___ Data for review ___

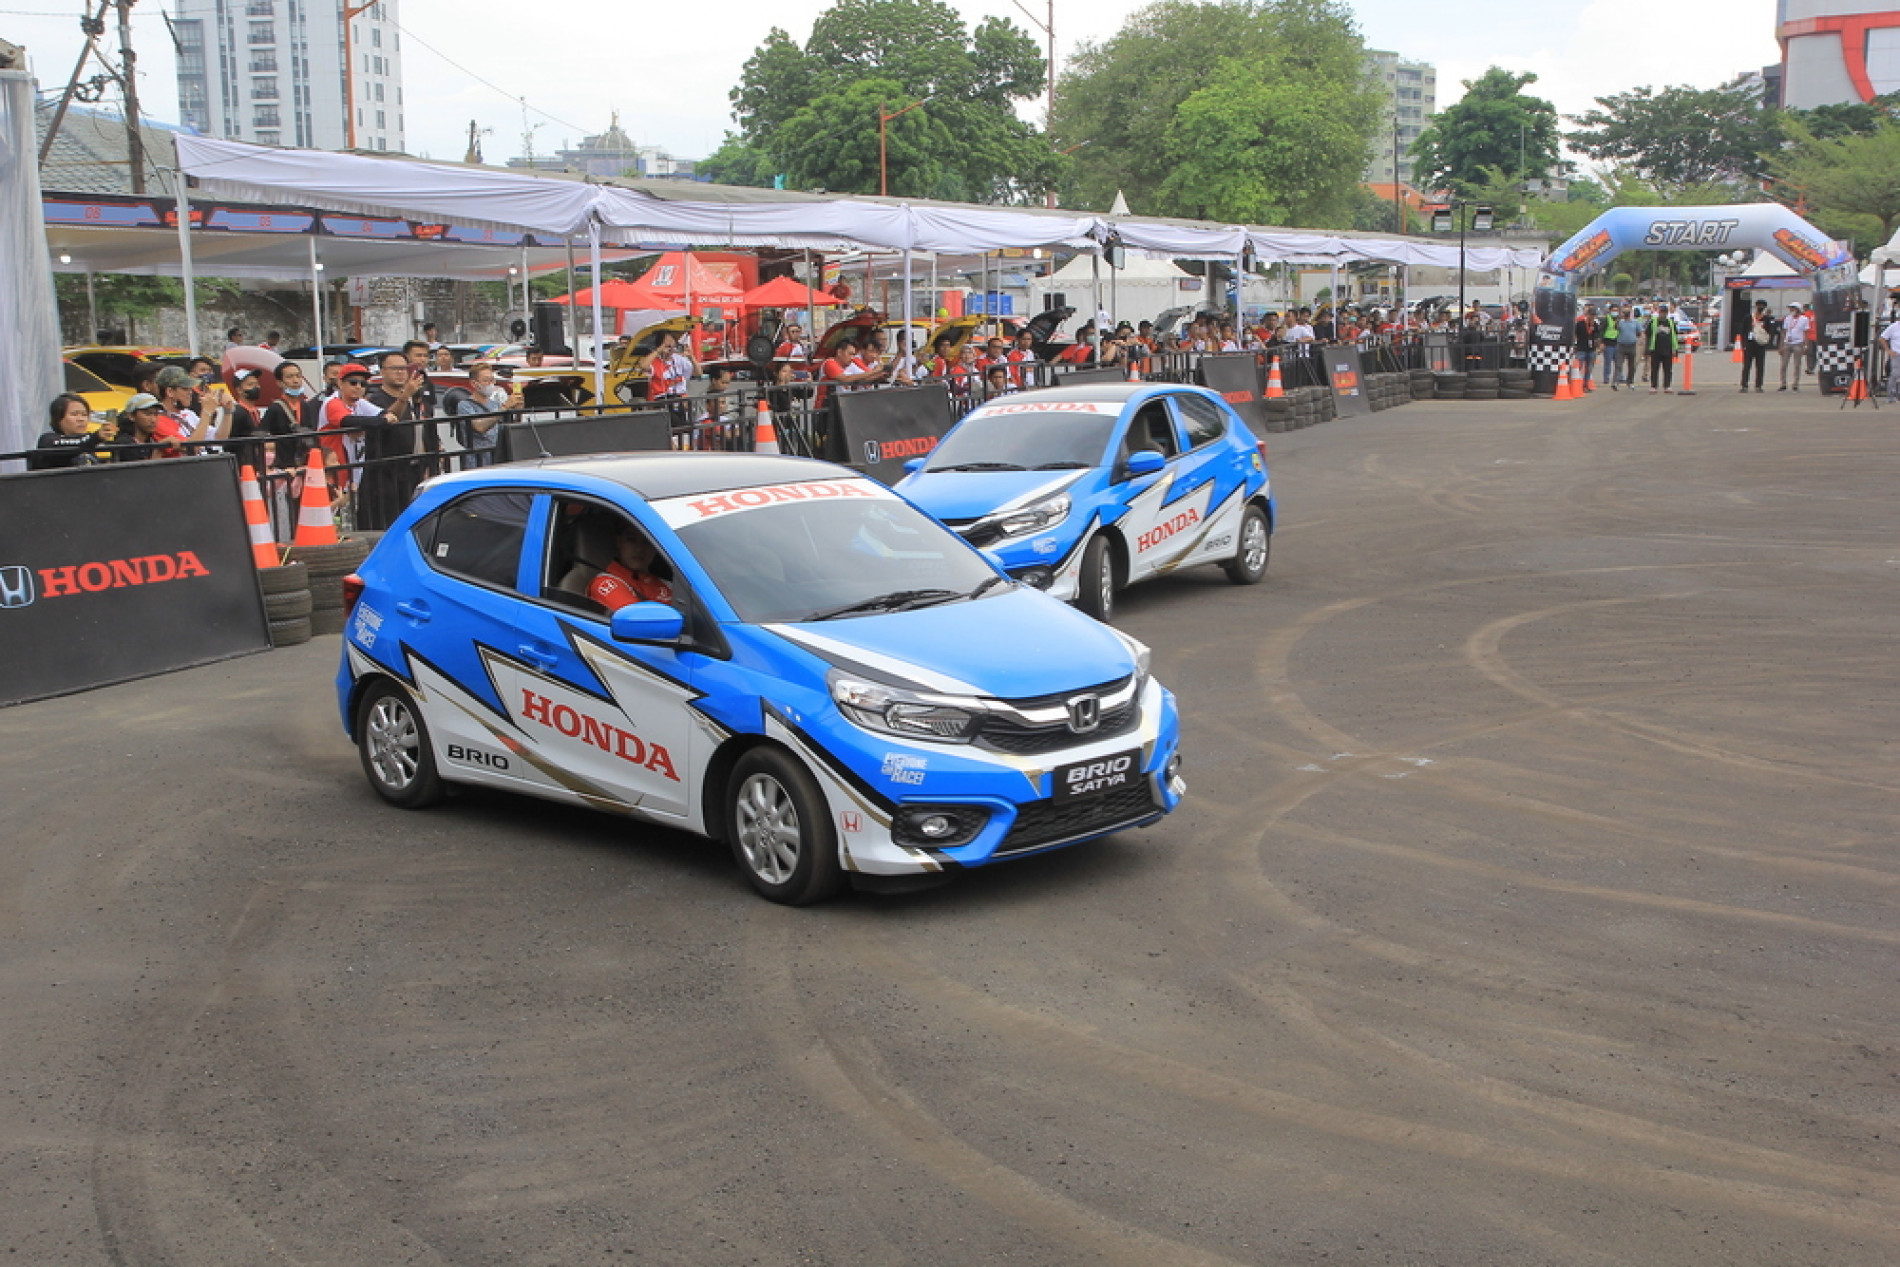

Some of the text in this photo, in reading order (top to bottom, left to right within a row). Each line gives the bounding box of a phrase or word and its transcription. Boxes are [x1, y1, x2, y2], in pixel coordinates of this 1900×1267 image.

[1645, 218, 1739, 246] START
[984, 402, 1098, 416] HONDA
[879, 434, 938, 460] HONDA
[690, 482, 873, 517] HONDA
[1136, 507, 1200, 554] HONDA
[36, 550, 211, 598] HONDA
[520, 688, 681, 782] HONDA
[448, 744, 509, 770] BRIO
[1066, 755, 1131, 784] BRIO
[1069, 773, 1126, 795] SATYA

___

§ **What is required**
Each record above is to be copied out exactly; its pictures are not.

§ **Solution below**
Some of the text in this photo, in reading order (top to bottom, left to right within a row). Each line gives the bounding box of a phrase or word and its transcription. Boxes are [x1, y1, x2, y2], in pixel coordinates of this 1900×1267 image.

[1645, 218, 1739, 246] START
[984, 402, 1098, 416] HONDA
[879, 434, 938, 460] HONDA
[690, 482, 873, 517] HONDA
[1136, 507, 1200, 554] HONDA
[36, 550, 211, 598] HONDA
[520, 688, 681, 782] HONDA
[448, 744, 509, 770] BRIO
[1066, 755, 1131, 784] BRIO
[1069, 773, 1126, 795] SATYA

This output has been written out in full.